AI-Powered Study Planner: A Hackathon Journey
About the Project
The idea for this project was born from a common struggle: maintaining focus and optimizing study sessions. As students, we often face distractions, ineffective study routines, and a lack of structured learning paths. I wanted to create a solution that not only helps students manage their study schedules but also provides intelligent insights into their focus and productivity using AI and Graph-based technologies.
What I Learned
Working on this project was a deep dive into several cutting-edge technologies, including:
- GraphRAG for intelligent study path recommendations
- NVIDIA cuGraph for analyzing focus patterns
- ArangoDB for managing structured study data
- AI-based focus tracking using computer vision and audio analysis
- Building real-time dashboards for analytics visualization
This journey enhanced my understanding of graph databases, real-time AI processing, and behavior analytics.
How I Built It
- Focus tracking using MediaPipe Face Mesh – Understanding how facial landmarks and gaze detection can determine attention levels.

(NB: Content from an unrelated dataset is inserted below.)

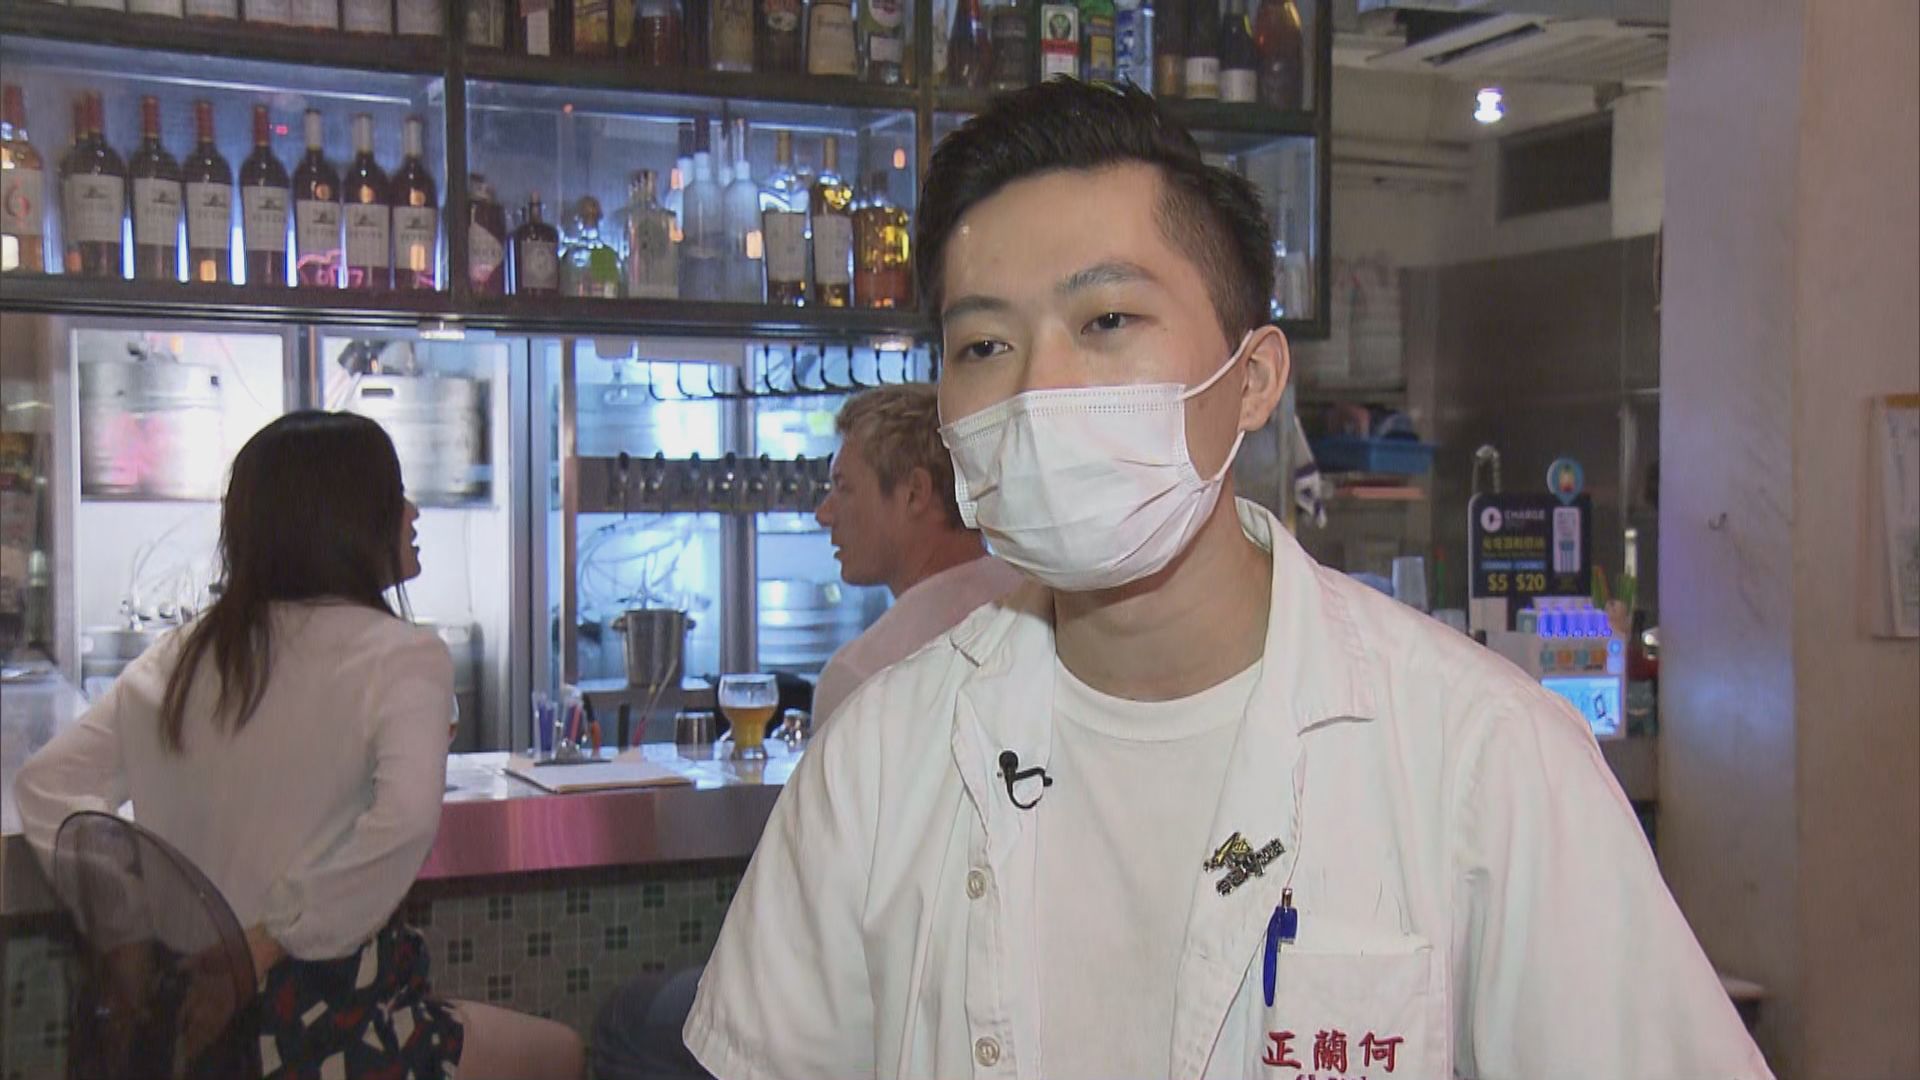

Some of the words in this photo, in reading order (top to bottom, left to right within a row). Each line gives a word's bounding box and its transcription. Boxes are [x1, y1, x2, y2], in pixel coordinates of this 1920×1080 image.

- Graph-based study schedule recommendations using NetworkX – Structuring study plans as a graph and using pathfinding algorithms to optimize learning sequences.
- NVIDIA cuGraph for distraction pattern analysis – Utilizing GPU acceleration to analyze focus trends efficiently.
- ArangoDB for managing structured study data – Learning how to store study progress, focus metrics, and task schedules in a multi-model database.
- Python for backend processing – Building AI models, handling API requests, and integrating graph-based algorithms.
- Cloud deployment on Render – Hosting and maintaining the backend for seamless access across devices.
Challenges Faced
- Real-time focus tracking: Ensuring smooth AI-based focus detection without performance bottlenecks.
- Graph-based recommendations: Optimizing queries for efficient and accurate study path suggestions.
- Integrating AI & Graph Systems: Merging machine learning models with graph intelligence was complex.
- Data Privacy: Handling user study data securely while providing personalized insights.
Final Thoughts
This project has been a thrilling experience, combining my knowledge of AI, web development, and graph databases to create a meaningful tool. The AI-powered study planner is not just an app; it's a vision for smarter, more effective learning.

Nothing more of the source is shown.